Word for word, restate the listing; omit the pictures.
◇ ◇ ◇ ◇ ◇
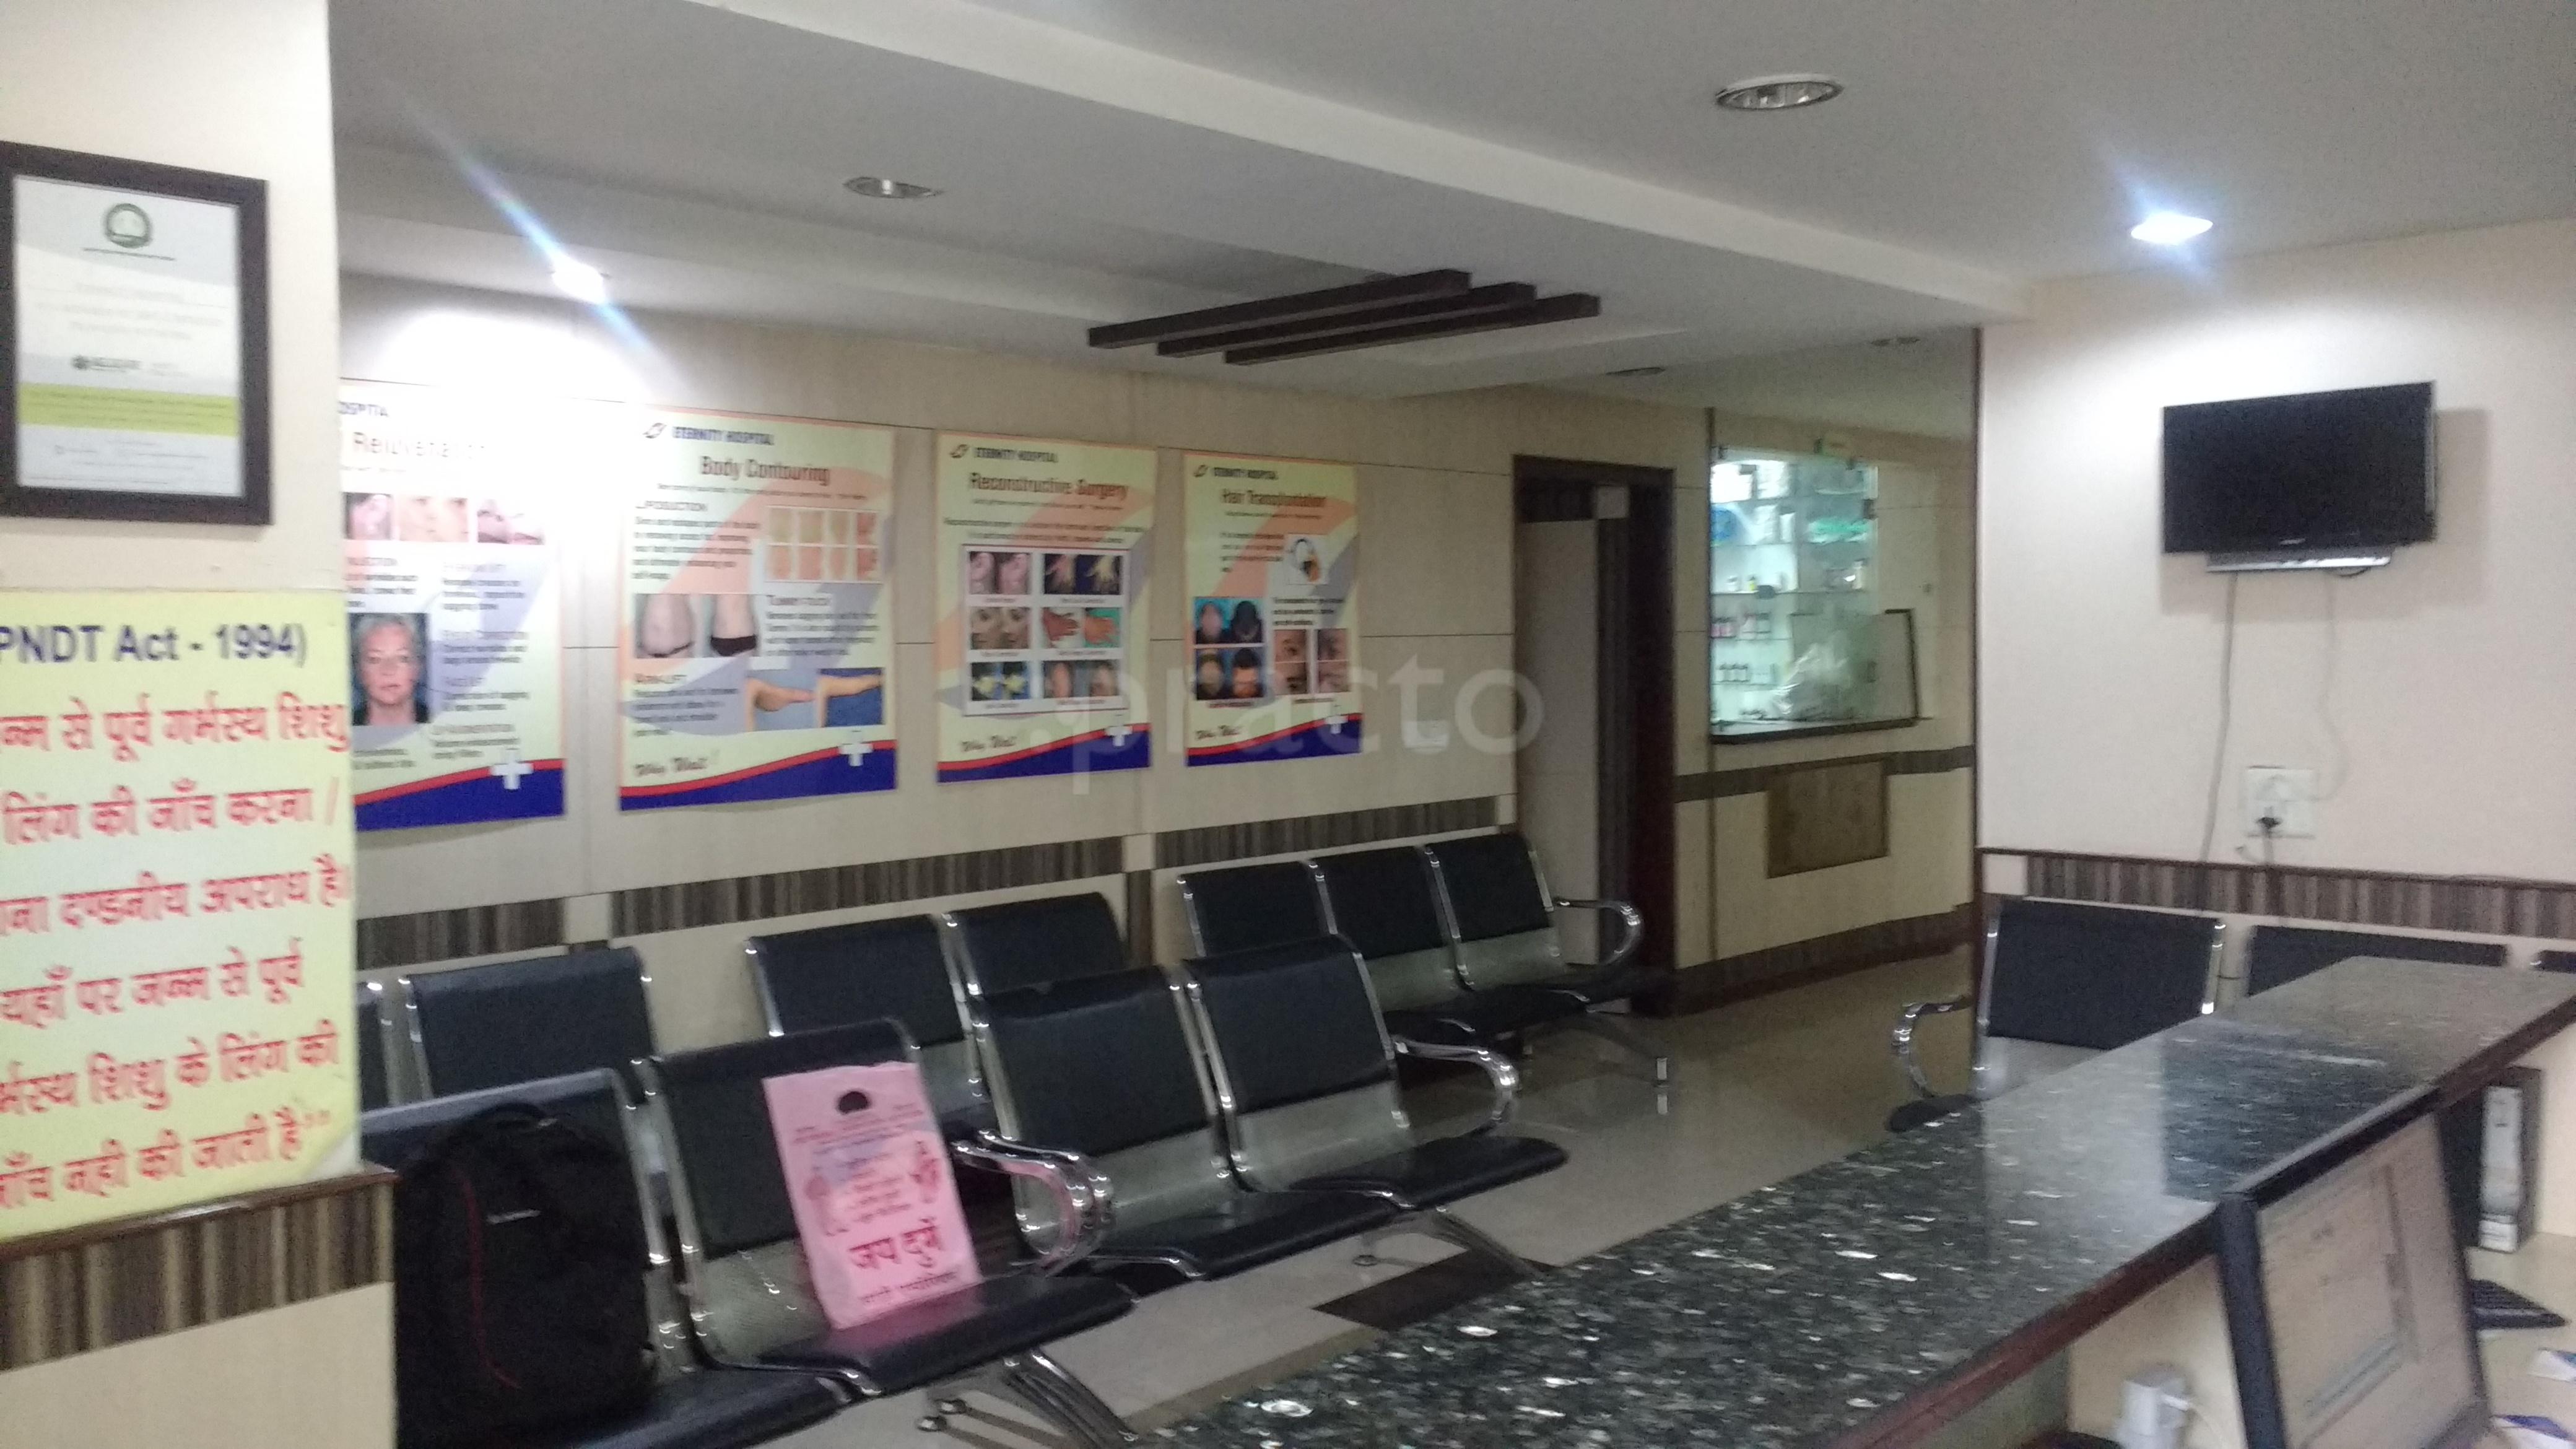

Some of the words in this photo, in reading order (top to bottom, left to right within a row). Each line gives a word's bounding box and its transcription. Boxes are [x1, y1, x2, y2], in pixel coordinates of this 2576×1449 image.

[672, 426, 722, 442] ETERNITY
[726, 430, 774, 445] HOSPITAL
[700, 455, 741, 481] Body
[745, 458, 830, 486] Contouring
[969, 472, 1073, 495] Reconstructive
[1076, 479, 1128, 502] Surgery
[1221, 489, 1245, 504] Hair
[113, 624, 180, 663] Act
[214, 622, 308, 668] 1994)
[60, 695, 95, 751] से
[102, 692, 153, 763] पूर्व
[89, 784, 139, 837] की
[225, 788, 314, 826] करना
[199, 870, 311, 915] अपराध
[75, 977, 124, 1016] पर
[130, 965, 211, 1007] जन्म
[217, 944, 251, 998] से
[256, 936, 305, 1005] पूर्व
[174, 1037, 211, 1087] के
[215, 1032, 290, 1084] लिंग
[295, 1017, 341, 1068] की
[136, 1128, 186, 1178] की
[191, 1112, 272, 1170] जाती
◇ ◇ ◇ ◇ ◇
COMPLETED TASK —
Some of the words in this photo, in reading order (top to bottom, left to right within a row). Each line gives a word's bounding box and its transcription. Boxes are [x1, y1, x2, y2], in pixel coordinates of this 2576×1449 image.

[672, 426, 722, 442] ETERNITY
[726, 430, 774, 445] HOSPITAL
[700, 455, 741, 481] Body
[745, 458, 830, 486] Contouring
[969, 472, 1073, 495] Reconstructive
[1076, 479, 1128, 502] Surgery
[1221, 489, 1245, 504] Hair
[113, 624, 180, 663] Act
[214, 622, 308, 668] 1994)
[60, 695, 95, 751] से
[102, 692, 153, 763] पूर्व
[89, 784, 139, 837] की
[225, 788, 314, 826] करना
[199, 870, 311, 915] अपराध
[75, 977, 124, 1016] पर
[130, 965, 211, 1007] जन्म
[217, 944, 251, 998] से
[256, 936, 305, 1005] पूर्व
[174, 1037, 211, 1087] के
[215, 1032, 290, 1084] लिंग
[295, 1017, 341, 1068] की
[136, 1128, 186, 1178] की
[191, 1112, 272, 1170] जाती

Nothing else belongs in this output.